И этой ночью он, пожалуй, попритворяется еще немного.
Вайлдмен внимательно оглядел сморщенные лица. Ему приходилось прищуривать глаза, иначе он ничего не видел. Его зрачки сузились, почти как у слепца, однако он сумел разглядеть новенькую — ту самую маленькую негритянку, которая приходила на собрание с Óной и плакала до тех пор, пока ей не дали Óниного зелья, которое успокоило ее.
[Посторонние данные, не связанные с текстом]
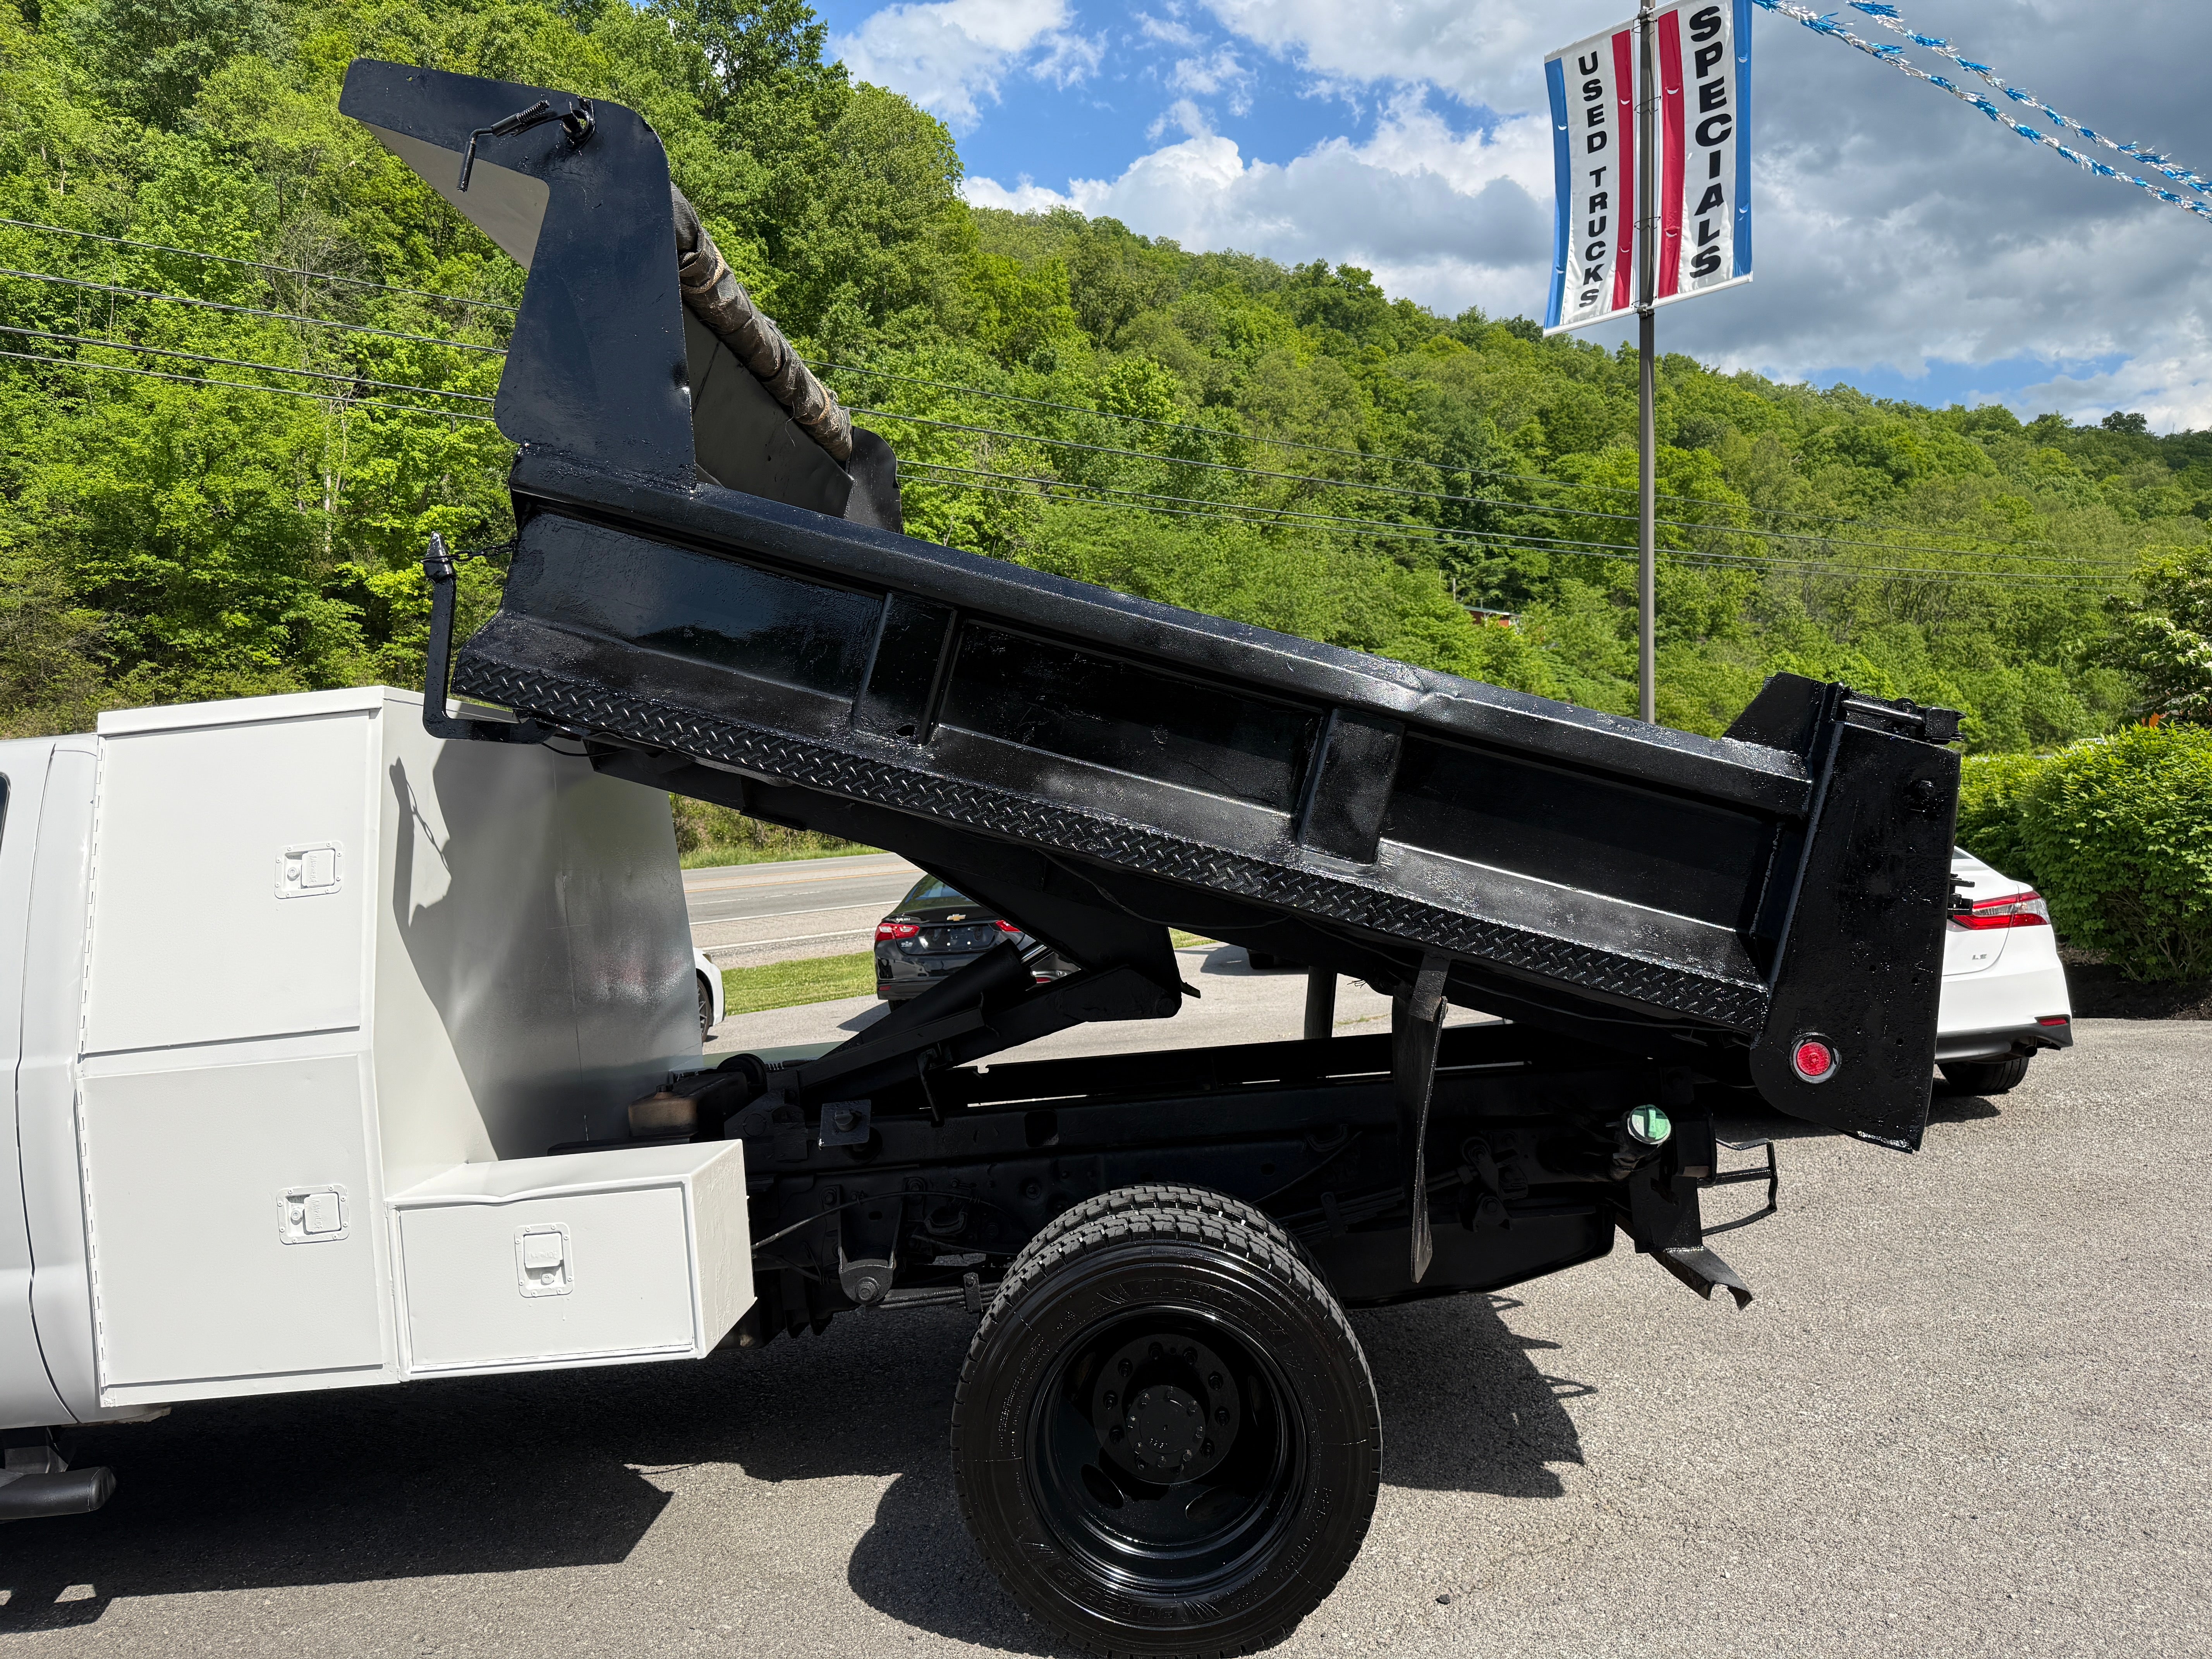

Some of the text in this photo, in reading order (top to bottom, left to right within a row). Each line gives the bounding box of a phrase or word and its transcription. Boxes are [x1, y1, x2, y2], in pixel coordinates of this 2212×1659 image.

Ну и, разумеется, дело не обошлось без упрямой Верити, которая, без сомнения, заявилась сюда просто потому, что была не в состоянии остановиться. Рядом с ней стояла Эннети, то и дело переводившая взгляд с него на неподвижное тело, лежащее на столе. Грудь Эннети приподнималась и опускалась, как кузнечные мехи, словно она была чем-то напугана или возмущена. Джон хотел бы выгнать ее, потому что она непозволительно дерзко вела себя все эти годы. Она хотела тоже повелевать им. Теперь-то он положит этому конец, если она посмеет его ослушаться.
Он знал, что в такой близи Люсиль Эбей не смогла бы разглядеть его, и Вайлдмену захотелось рассмеяться ей в лицо. Все они были безмозглыми дурами, которым Óна Раби морочила голову. Последователи!Он освободит их от всего этого! Над их головами горел дом… время перемен пришло!
Óна забубнила заклинания. Джон занял свое место сбоку от стола, на котором было распростерто недвижимое тело. Закрыв глаза и раскинув руки, Раснер ждал, когда сила придет к нему.
Он не услышал тихих вскриков женщин, которые не сводили глаз с Кэролин — такой спокойной и на вид мертвой. Грудь женщины немного приподнялась и опустилась — она дышала.
Когда Вайлдмен открыл глаза и посмотрел на нее, прищурившись, он не заметил ничего.
Мысли вихрем проносились в его голове, и из темных глубин подсознания то и дело всплывали воспоминания о морфии, коке, паслене и полыни, которые в разное время придавали ему силы. Дикарь уже забыл о том, где находится и кто на него смотрит. Он думал лишь об этом теле — о чистом, белом, холодном теле, которое ожидало его опытных прикосновений.
Воспоминания его опять унеслись куда-то вдаль, вернув его к тому первому разу, когда он точно так же стоял в подвале, глядя на бледное существо, которое всего лишь несколько часов назад резвилось в лесу. Он любовался, как она умывается лунным светом, а потом она отдала свою энергию и девственность ему, Вайлдмену, — по приказу Óны Раби.
Он вспомнил, как Óна то и дело приносила кого-нибудь в жертву. Его тело жаждало тех же ощущений. Он с нетерпением ждал тех мгновений, когда ощутит ее, насладится ею и взорвется в ее прохладной глубине. А потом… потом он опустит жертву в резервуар. В последний раз. И забудет об этом. Навсегда.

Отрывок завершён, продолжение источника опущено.